• [What the exercise asks]: Pictures excluded, output the lines of the data below between the one holding "this 1765×1182 image." and the one holding "this 1920×1440 image.", inclusive, exactly as they stand.

• [Data provided]:
++++++++

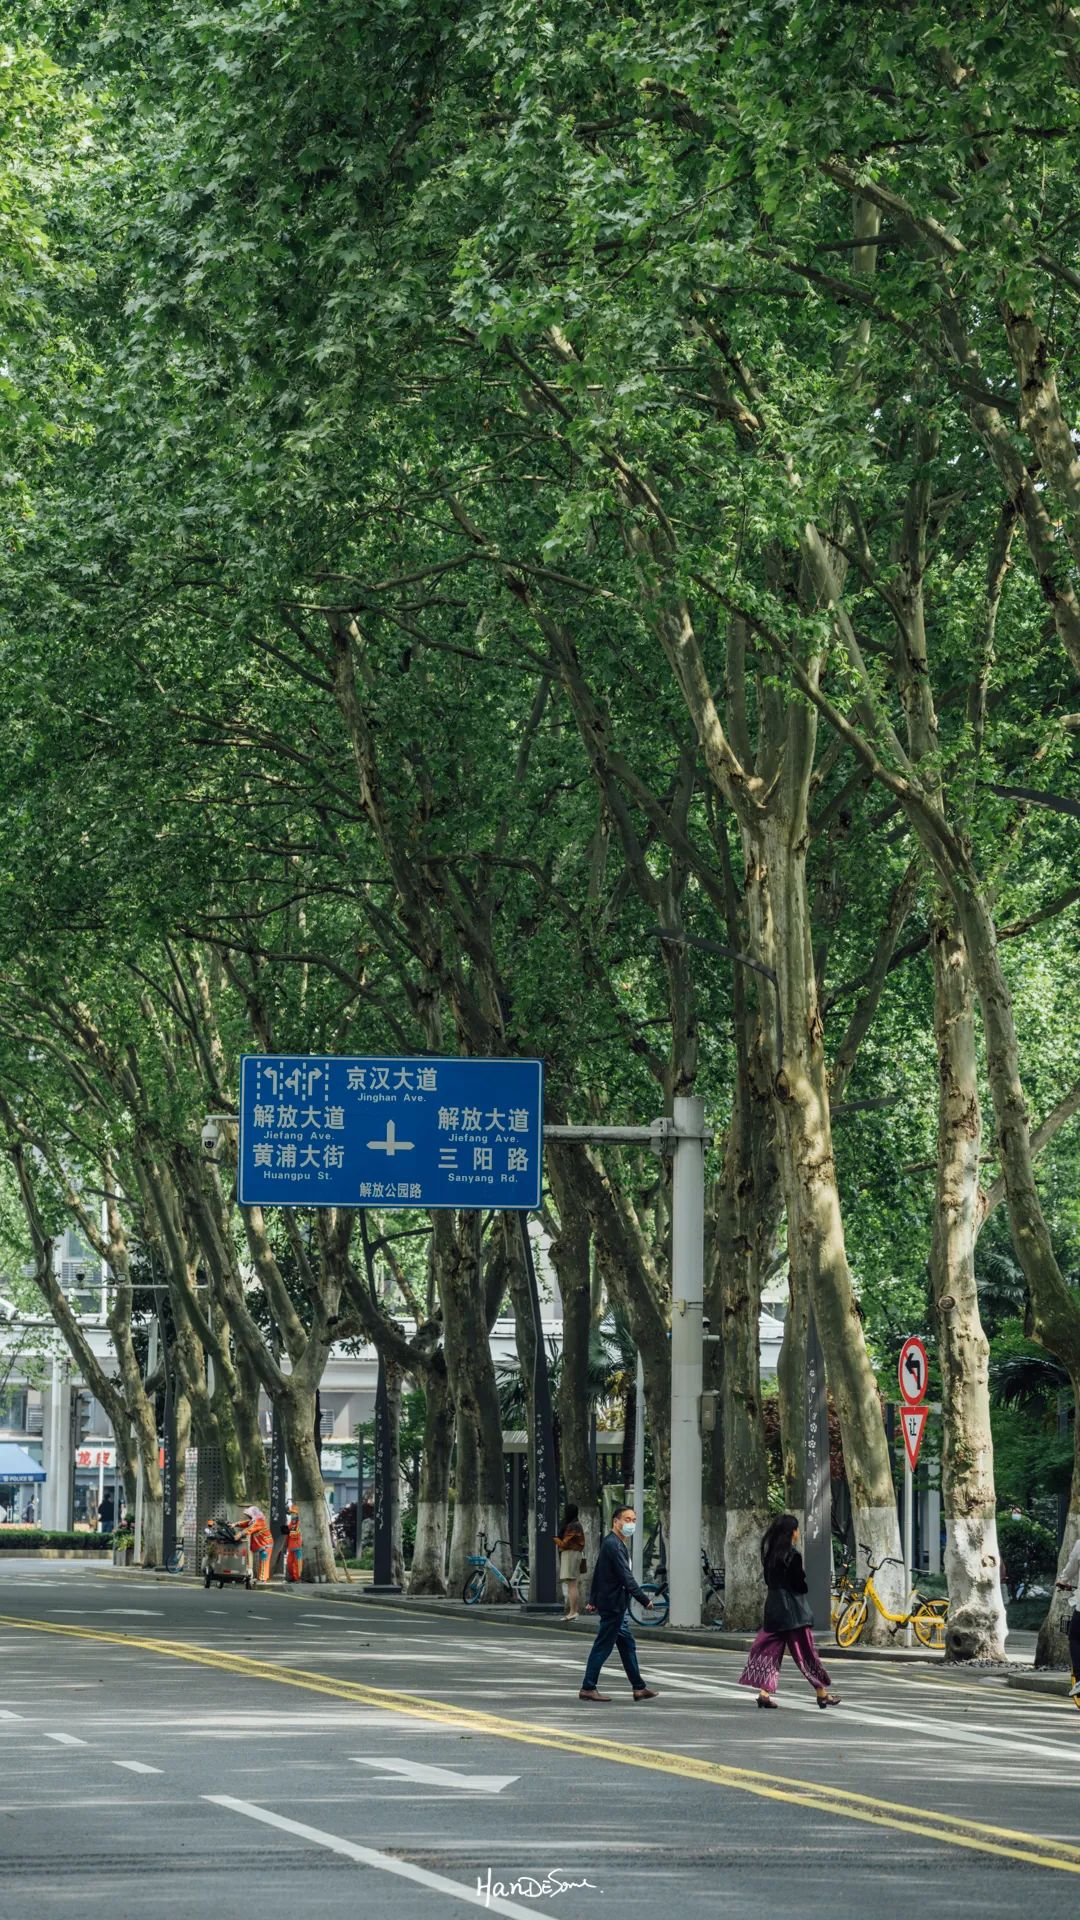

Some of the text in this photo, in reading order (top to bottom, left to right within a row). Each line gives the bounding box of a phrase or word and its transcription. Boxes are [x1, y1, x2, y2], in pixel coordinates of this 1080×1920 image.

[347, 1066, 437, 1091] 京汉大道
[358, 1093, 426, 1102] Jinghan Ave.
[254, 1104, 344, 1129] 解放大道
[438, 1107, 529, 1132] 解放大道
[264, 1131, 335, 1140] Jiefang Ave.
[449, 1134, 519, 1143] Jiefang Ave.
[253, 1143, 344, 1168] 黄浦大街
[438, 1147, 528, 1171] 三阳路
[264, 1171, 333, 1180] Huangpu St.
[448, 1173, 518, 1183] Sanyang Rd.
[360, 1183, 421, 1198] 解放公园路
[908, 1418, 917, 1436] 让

++++++++

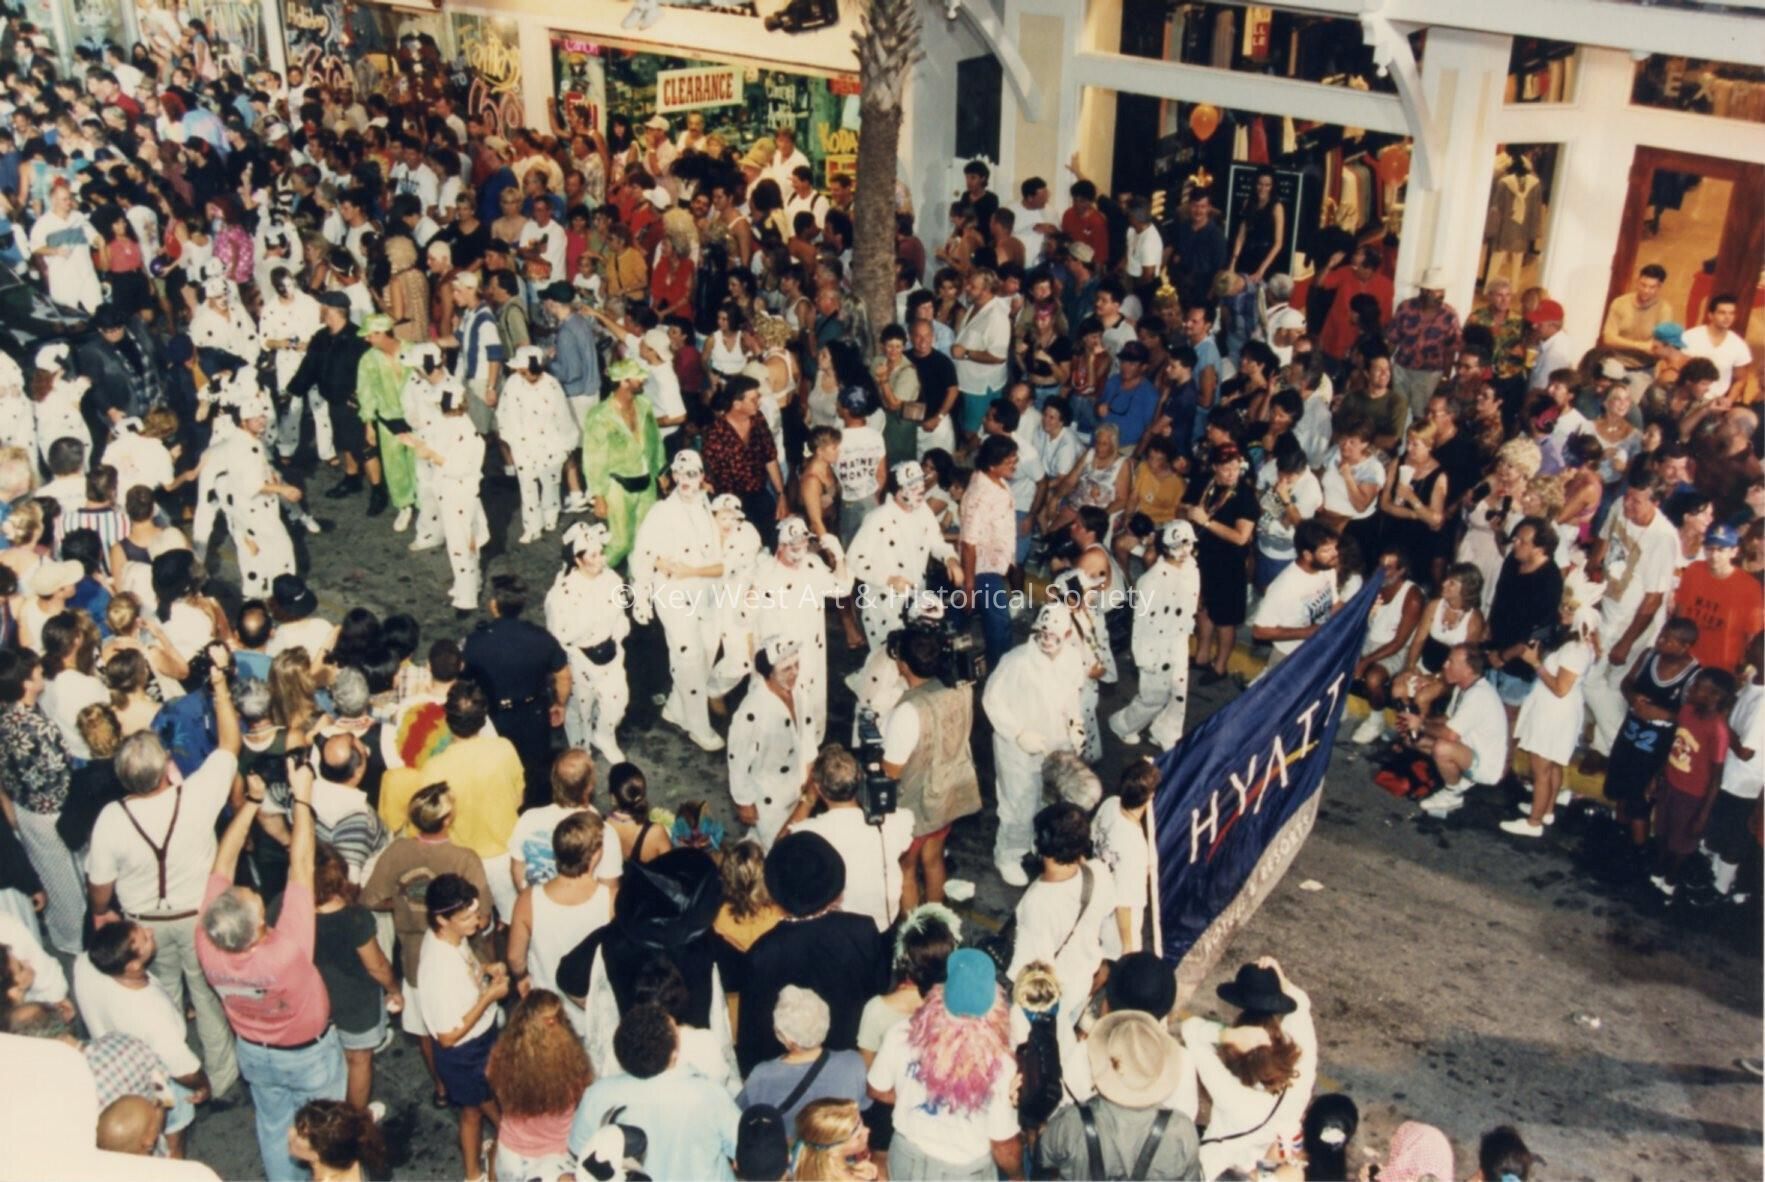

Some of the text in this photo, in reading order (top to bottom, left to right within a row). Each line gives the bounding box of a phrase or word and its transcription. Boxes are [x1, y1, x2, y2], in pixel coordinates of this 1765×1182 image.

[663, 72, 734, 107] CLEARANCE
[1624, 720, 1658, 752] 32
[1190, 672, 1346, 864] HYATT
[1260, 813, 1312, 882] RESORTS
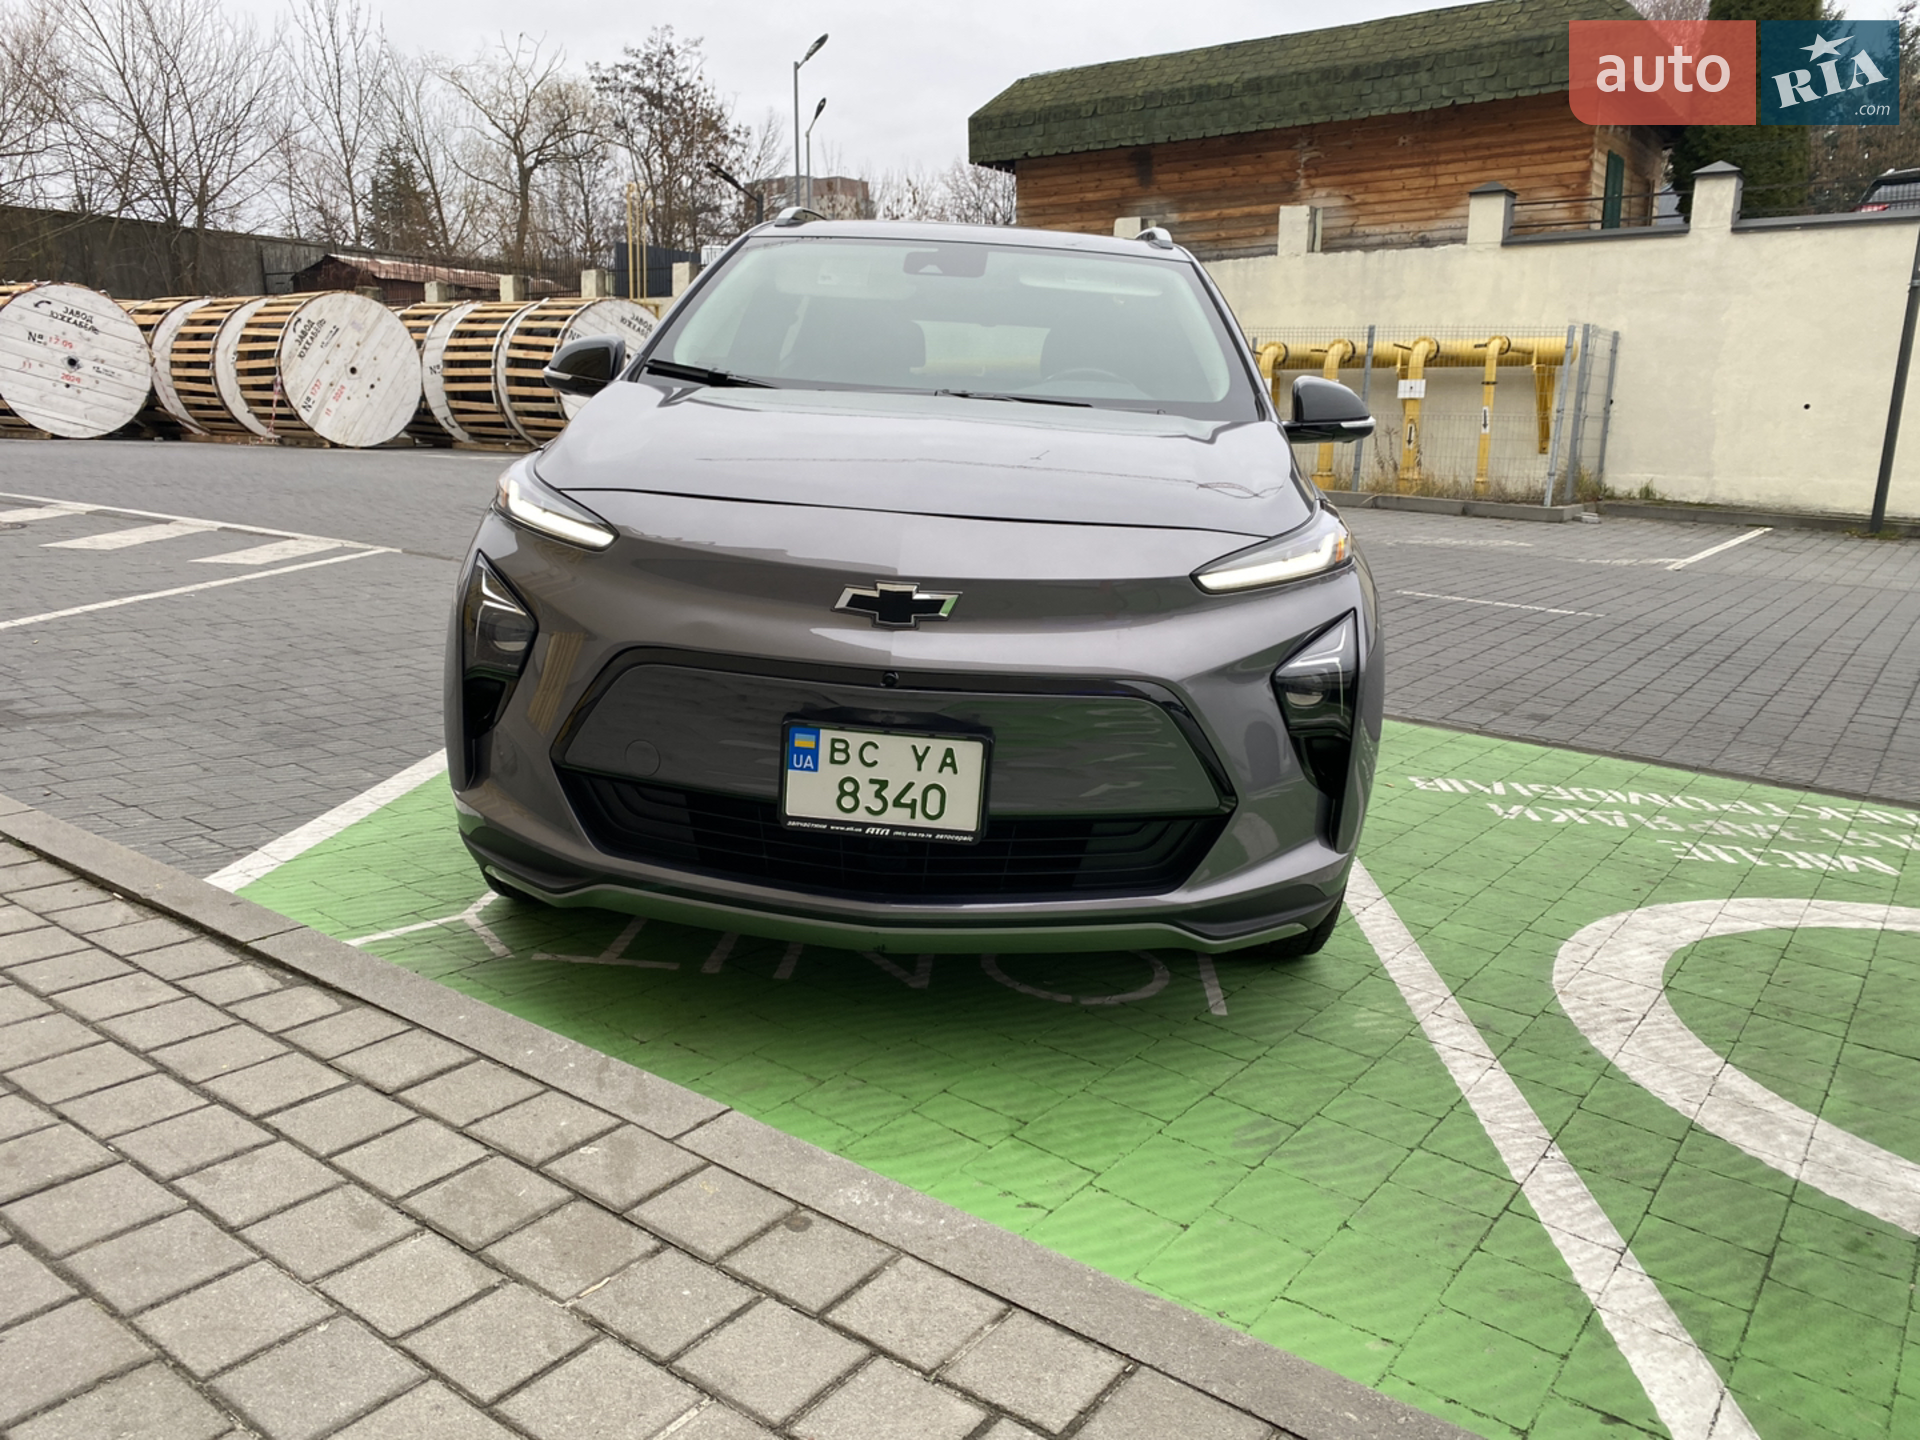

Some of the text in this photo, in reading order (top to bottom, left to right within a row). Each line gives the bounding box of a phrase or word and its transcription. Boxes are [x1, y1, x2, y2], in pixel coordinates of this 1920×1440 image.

++++++++

• [Output for this exercise]:
Some of the text in this photo, in reading order (top to bottom, left to right within a row). Each line gives the bounding box of a phrase or word and its transcription. Boxes are [x1, y1, x2, y2], in pixel coordinates of this 1765×1182 image.

[663, 72, 734, 107] CLEARANCE
[1624, 720, 1658, 752] 32
[1190, 672, 1346, 864] HYATT
[1260, 813, 1312, 882] RESORTS

Some of the text in this photo, in reading order (top to bottom, left to right within a row). Each line gives the bounding box of a phrase or word and its transcription. Boxes are [x1, y1, x2, y2], in pixel coordinates of this 1920×1440 image.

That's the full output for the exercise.